=== PROVIDED RECORDS ===
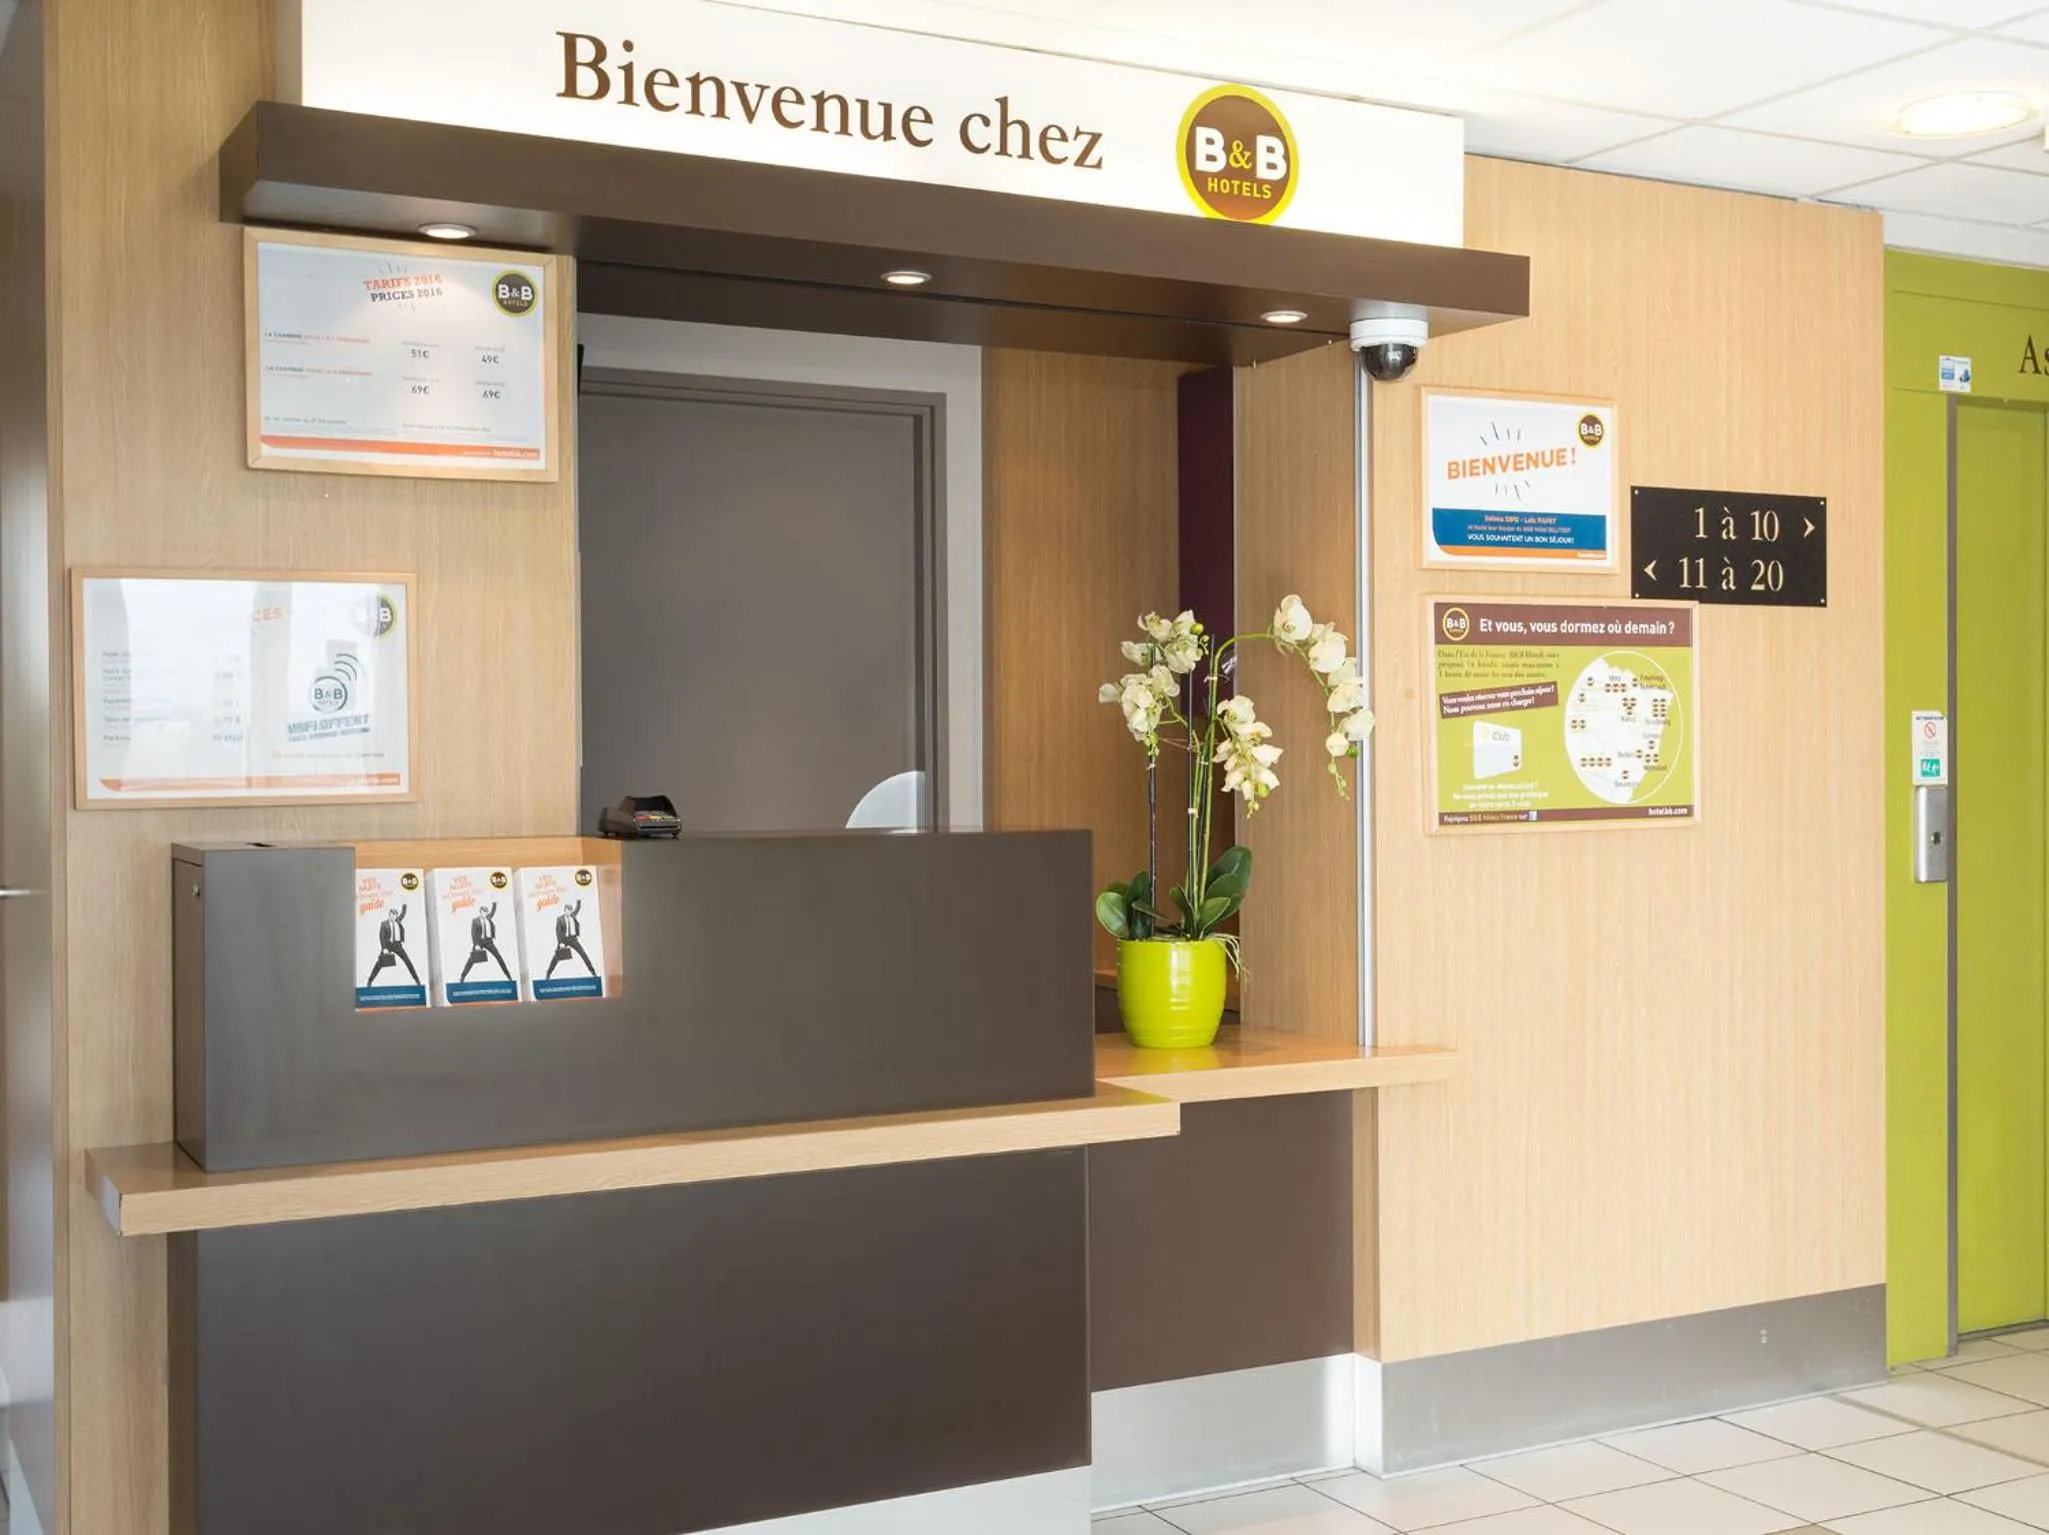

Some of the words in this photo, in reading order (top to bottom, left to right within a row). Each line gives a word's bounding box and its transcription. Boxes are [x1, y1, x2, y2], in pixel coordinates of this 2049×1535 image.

[556, 32, 933, 148] Bienvenue
[959, 95, 1104, 170] chez
[1196, 126, 1287, 181] B&B
[1207, 177, 1272, 199] HOTELS
[363, 276, 411, 290] TARIFS
[370, 290, 415, 302] PRICES
[415, 287, 443, 298] 2016
[498, 283, 533, 301] B&B
[481, 354, 500, 365] 49€
[411, 385, 430, 395] 69€
[1581, 423, 1602, 437] B&B
[1694, 507, 1708, 539] 1
[1721, 506, 1737, 540] à
[1750, 510, 1779, 542] 10
[1486, 534, 1524, 542] SOUHAITENT
[1535, 535, 1548, 543] BON
[1679, 556, 1708, 589] 11
[1721, 556, 1736, 590] à
[1750, 559, 1784, 592] 20
[1446, 617, 1466, 629] B&B
[1479, 618, 1494, 632] Et
[1495, 621, 1527, 635] vous,
[1529, 621, 1557, 633] vous
[1559, 620, 1606, 634] dormez
[1607, 620, 1623, 634] où
[314, 688, 343, 701] B&B

=== BRIEF ===
All of the material above must be retyped exactly, line for line, with the images dropped.

=== ANSWER TO THIS EXERCISE ===
Some of the words in this photo, in reading order (top to bottom, left to right within a row). Each line gives a word's bounding box and its transcription. Boxes are [x1, y1, x2, y2], in pixel coordinates of this 2049×1535 image.

[556, 32, 933, 148] Bienvenue
[959, 95, 1104, 170] chez
[1196, 126, 1287, 181] B&B
[1207, 177, 1272, 199] HOTELS
[363, 276, 411, 290] TARIFS
[370, 290, 415, 302] PRICES
[415, 287, 443, 298] 2016
[498, 283, 533, 301] B&B
[481, 354, 500, 365] 49€
[411, 385, 430, 395] 69€
[1581, 423, 1602, 437] B&B
[1694, 507, 1708, 539] 1
[1721, 506, 1737, 540] à
[1750, 510, 1779, 542] 10
[1486, 534, 1524, 542] SOUHAITENT
[1535, 535, 1548, 543] BON
[1679, 556, 1708, 589] 11
[1721, 556, 1736, 590] à
[1750, 559, 1784, 592] 20
[1446, 617, 1466, 629] B&B
[1479, 618, 1494, 632] Et
[1495, 621, 1527, 635] vous,
[1529, 621, 1557, 633] vous
[1559, 620, 1606, 634] dormez
[1607, 620, 1623, 634] où
[314, 688, 343, 701] B&B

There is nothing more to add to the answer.